Monday, August 1, 2011

The Politics of Human Nature

            We are not born civilized. 
            We acquire civility, if at all, only later.  The truest and best way to acquire civility is under the guidance of a wise moral order, and under the nurture of a well-functioning traditional family.  While other paths to civility are possible and sometimes work, the happy combination of family and wise moral authority is the most dependable way to gain access to the hard-won wisdom of our ancestors, wisdom gained slowly and painfully over the centuries in the crucible of real life and in the light of revelation.

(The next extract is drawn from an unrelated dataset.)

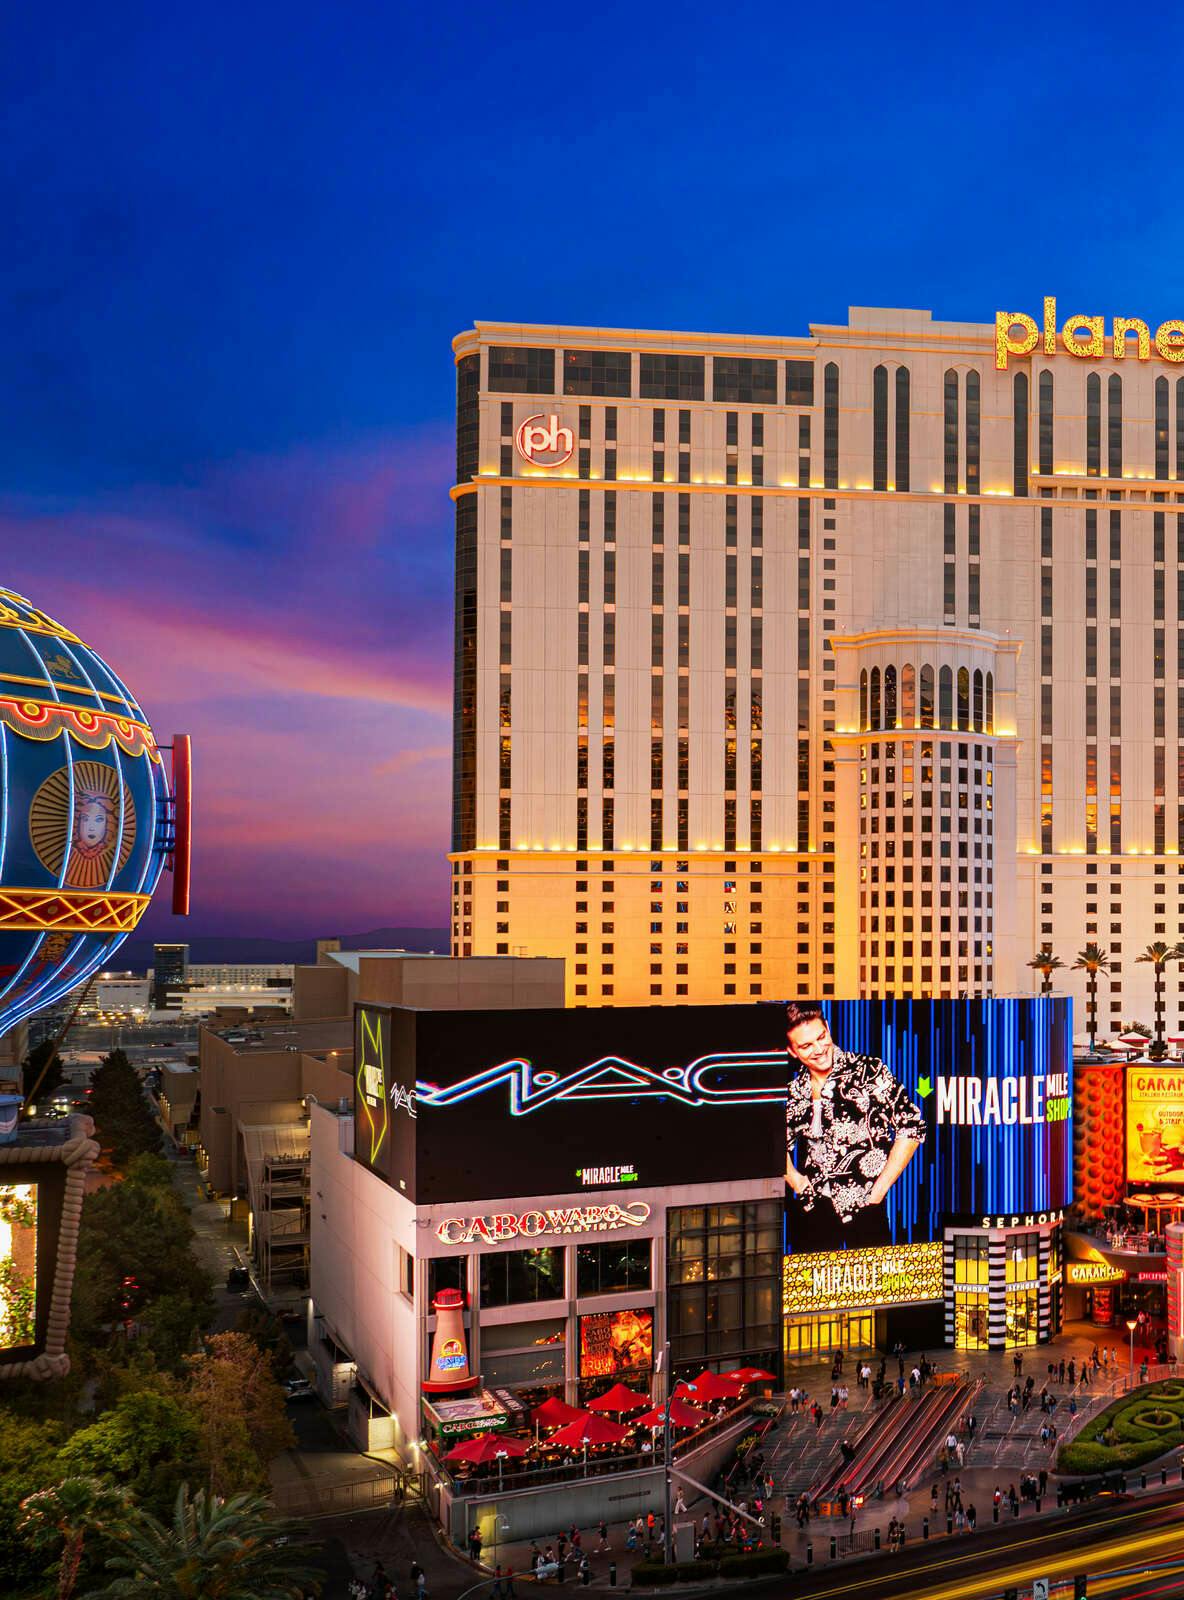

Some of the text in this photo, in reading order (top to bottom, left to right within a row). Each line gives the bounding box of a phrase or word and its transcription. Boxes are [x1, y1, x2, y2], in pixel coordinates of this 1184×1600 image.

            In other words, because we human beings are not born civilized, we are always only one generation from barbarism. We must domesticate each new generation, just as we were domesticated in our turn.  To convert the brutes we all are born into the civilized persons we ought to be requires nothing less than the wisdom of God.  Barbarism is not behind us; it is within us, and it is persistent.  Our demons die hard, if at all.  If they are to die, God must kill them.  Government cannot.  The deepest and most profound human ills have no political solution.  To think and act as if they do is foolish.  How much time, effort, and treasure we have wasted trying to do by means of government what can never be done is far, quite far, beyond calculation.

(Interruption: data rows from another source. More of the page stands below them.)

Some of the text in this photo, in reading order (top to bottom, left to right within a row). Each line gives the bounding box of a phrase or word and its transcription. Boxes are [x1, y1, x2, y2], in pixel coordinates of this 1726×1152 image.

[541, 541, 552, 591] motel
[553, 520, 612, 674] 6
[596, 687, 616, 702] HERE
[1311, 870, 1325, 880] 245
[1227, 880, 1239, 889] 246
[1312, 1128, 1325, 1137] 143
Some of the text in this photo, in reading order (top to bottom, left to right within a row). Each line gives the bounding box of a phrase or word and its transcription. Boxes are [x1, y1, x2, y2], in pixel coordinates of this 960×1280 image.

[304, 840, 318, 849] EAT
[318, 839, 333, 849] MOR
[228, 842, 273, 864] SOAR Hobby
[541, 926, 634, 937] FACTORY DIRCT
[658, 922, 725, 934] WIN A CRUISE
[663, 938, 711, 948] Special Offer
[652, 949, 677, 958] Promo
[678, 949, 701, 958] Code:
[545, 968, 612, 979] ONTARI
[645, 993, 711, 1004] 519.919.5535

            Faced with the perennial challenge of civilizing the next generation, and fully aware that in order to civilize it they must begin with God, Christian conservatives turn first to revelation, to the works and words God Himself, works and words graciously bestowed upon this fallen and twisted world, a world utterly lost and never to be found without them.  Thus, while Christian conservatives might value the good, the true, and the beautiful, they know that without God we can never find them or preserve them.  Indeed, without God we could not even convincingly define them.  While Christian conservatives set about conserving things like justice, the traditional family, and even civilization itself -- things always at risk and under siege -- they know that the best defense of them is the revelation of God, by which, and only by which, can things be seen and done aright.  I am not saying that we cannot begin without God.  I am saying that we cannot begin well without God.